__Stored items from a collection__
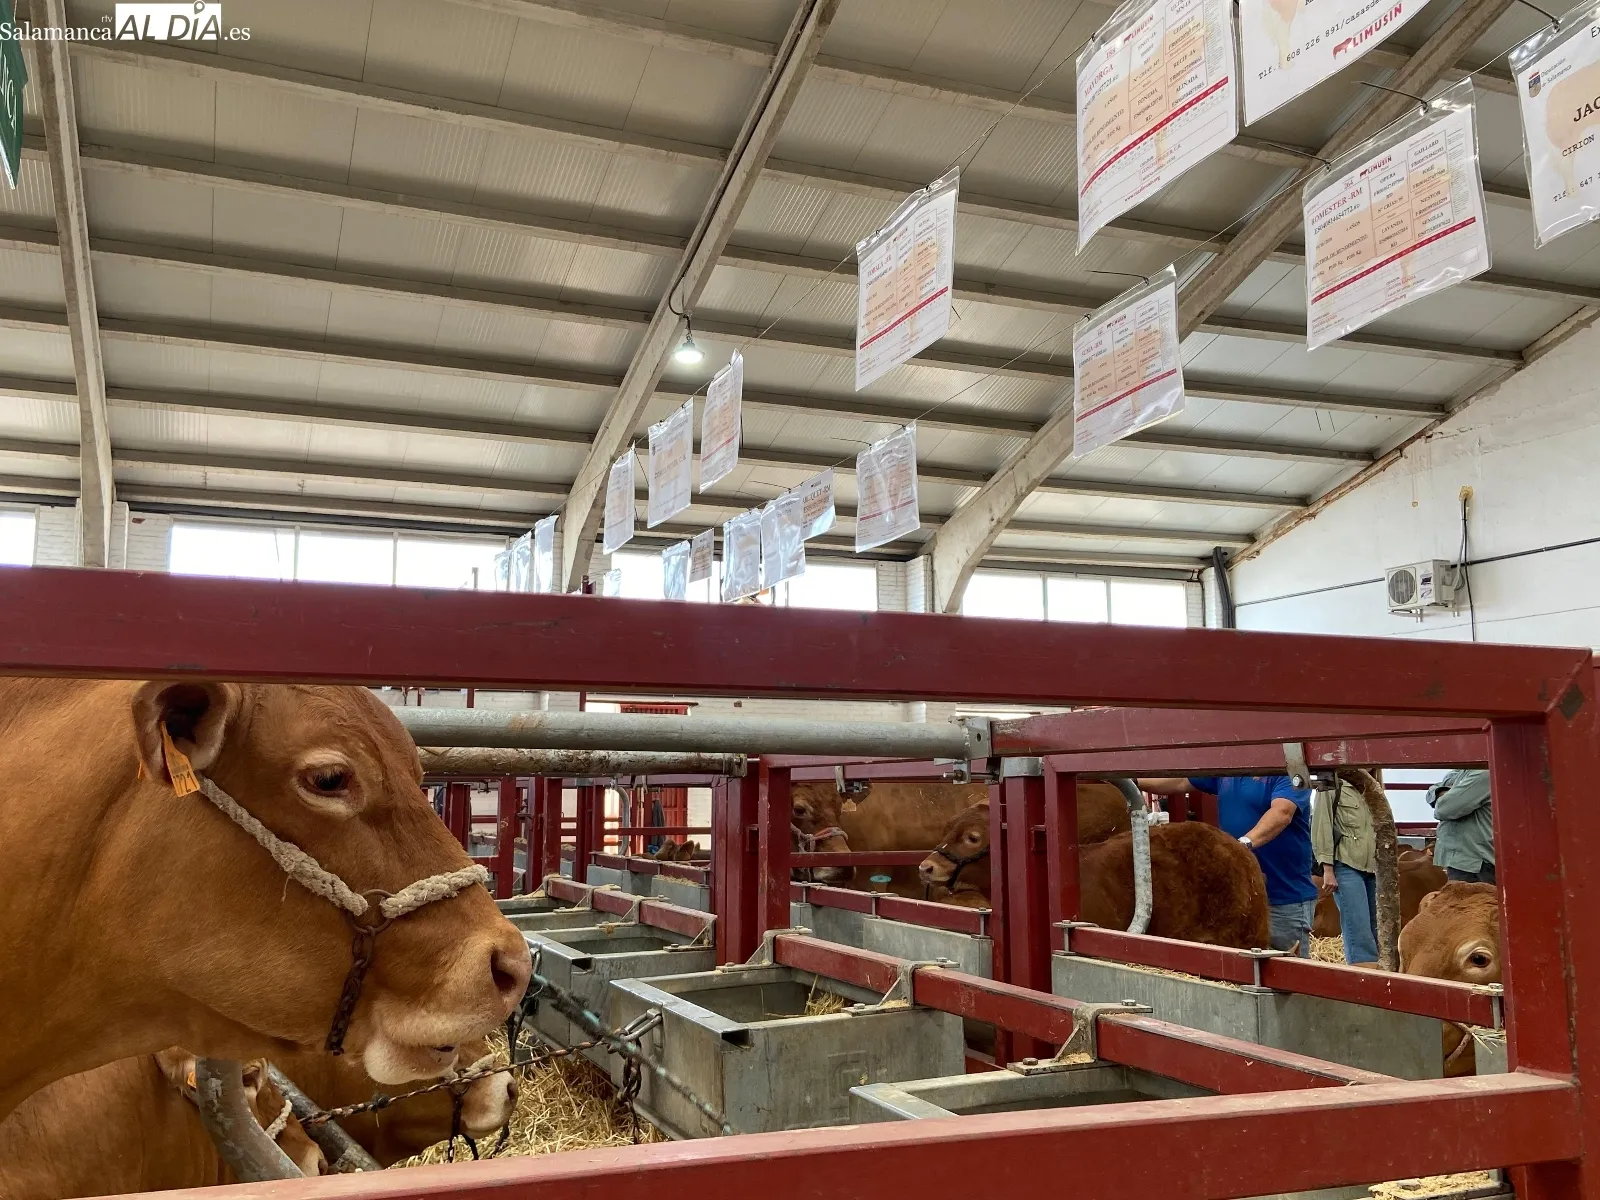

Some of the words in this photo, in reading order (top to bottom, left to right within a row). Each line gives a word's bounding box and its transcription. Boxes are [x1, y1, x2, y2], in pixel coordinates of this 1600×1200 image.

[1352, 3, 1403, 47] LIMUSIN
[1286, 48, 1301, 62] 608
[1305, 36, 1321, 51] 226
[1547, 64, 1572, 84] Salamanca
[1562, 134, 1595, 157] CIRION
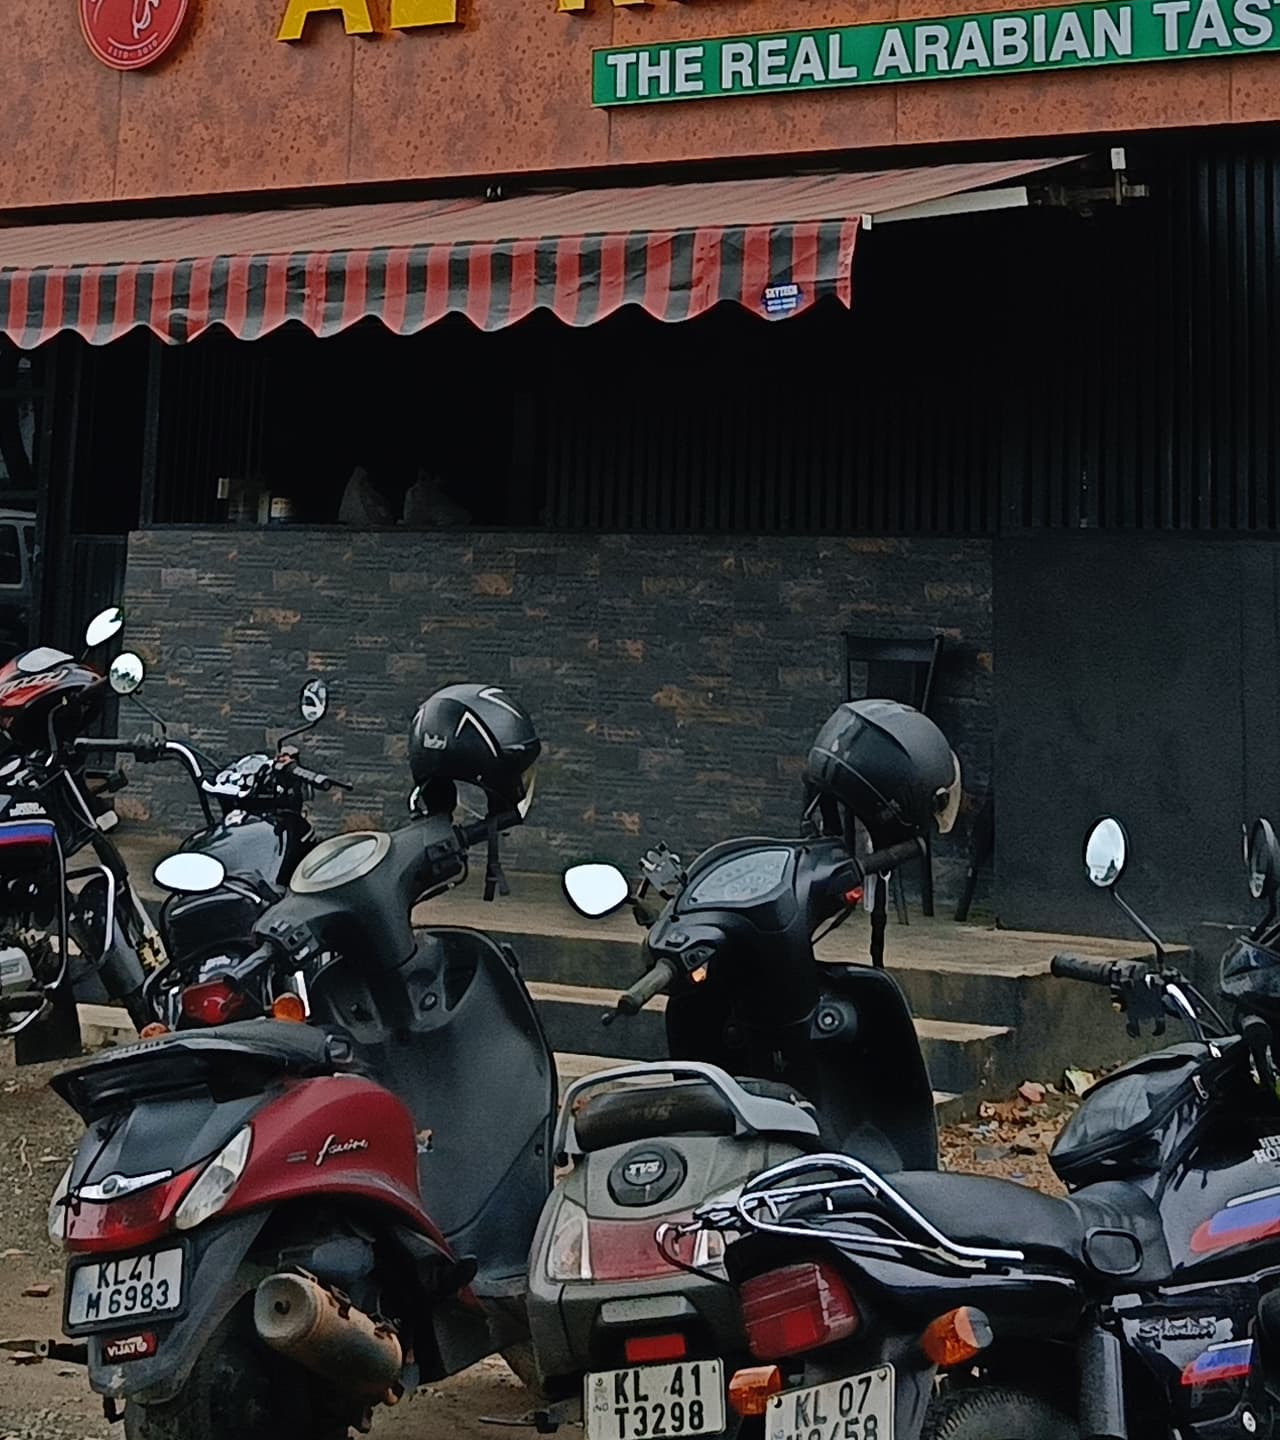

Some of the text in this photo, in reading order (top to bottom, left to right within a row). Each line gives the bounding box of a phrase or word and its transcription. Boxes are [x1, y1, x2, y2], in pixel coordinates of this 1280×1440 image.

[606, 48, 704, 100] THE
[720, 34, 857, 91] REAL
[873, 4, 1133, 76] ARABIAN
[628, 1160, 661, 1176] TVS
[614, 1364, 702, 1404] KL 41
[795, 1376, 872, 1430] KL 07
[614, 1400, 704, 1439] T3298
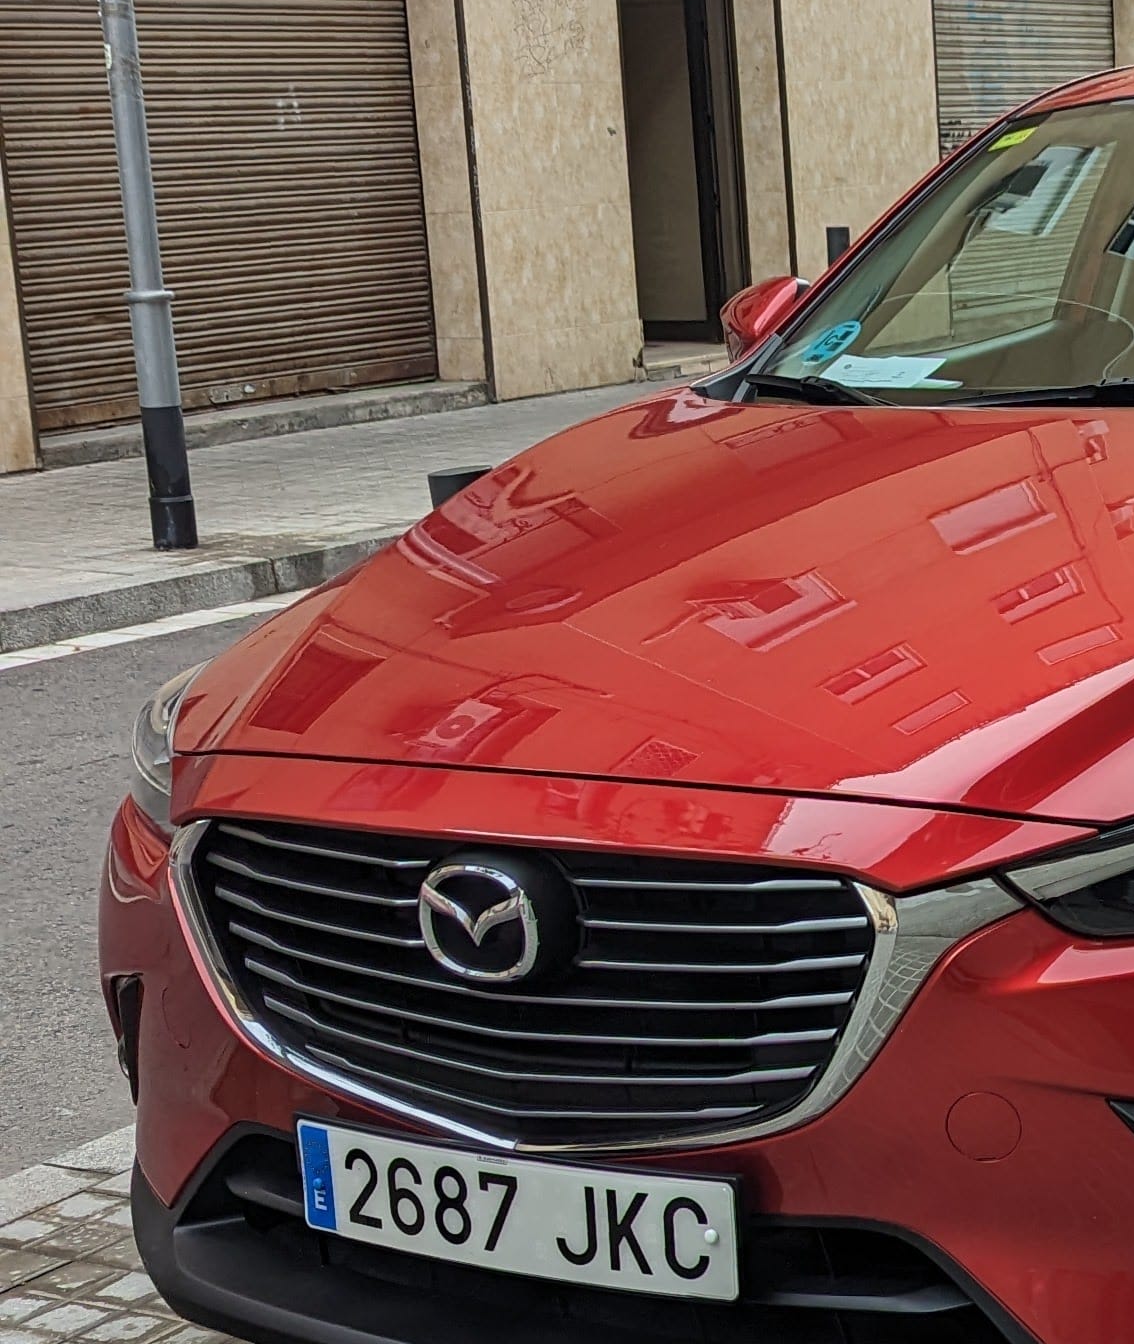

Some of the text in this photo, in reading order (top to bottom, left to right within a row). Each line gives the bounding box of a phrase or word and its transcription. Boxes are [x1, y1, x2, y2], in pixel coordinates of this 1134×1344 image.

__Your objective__
Return an exact copy of the data above, apart from any pictures.

__Task solution__
Some of the words in this photo, in reading order (top to bottom, left to right within a row). Each line gives a word's bounding box and its transcription. Boxes are [x1, y1, x2, y2], in pixel coordinates of this 1600×1200 image.

[1352, 3, 1403, 47] LIMUSIN
[1286, 48, 1301, 62] 608
[1305, 36, 1321, 51] 226
[1547, 64, 1572, 84] Salamanca
[1562, 134, 1595, 157] CIRION

Some of the text in this photo, in reading order (top to bottom, left to right within a row). Each line gives the bounding box of a phrase or word and its transcription. Boxes are [x1, y1, x2, y2], in pixel coordinates of this 1280×1440 image.

[606, 48, 704, 100] THE
[720, 34, 857, 91] REAL
[873, 4, 1133, 76] ARABIAN
[628, 1160, 661, 1176] TVS
[614, 1364, 702, 1404] KL 41
[795, 1376, 872, 1430] KL 07
[614, 1400, 704, 1439] T3298

Some of the text in this photo, in reading order (top to bottom, left to right within a row). Each line gives the bounding box of a phrase or word and its transcription. Boxes are [x1, y1, x2, y2], in pixel coordinates of this 1134×1344 image.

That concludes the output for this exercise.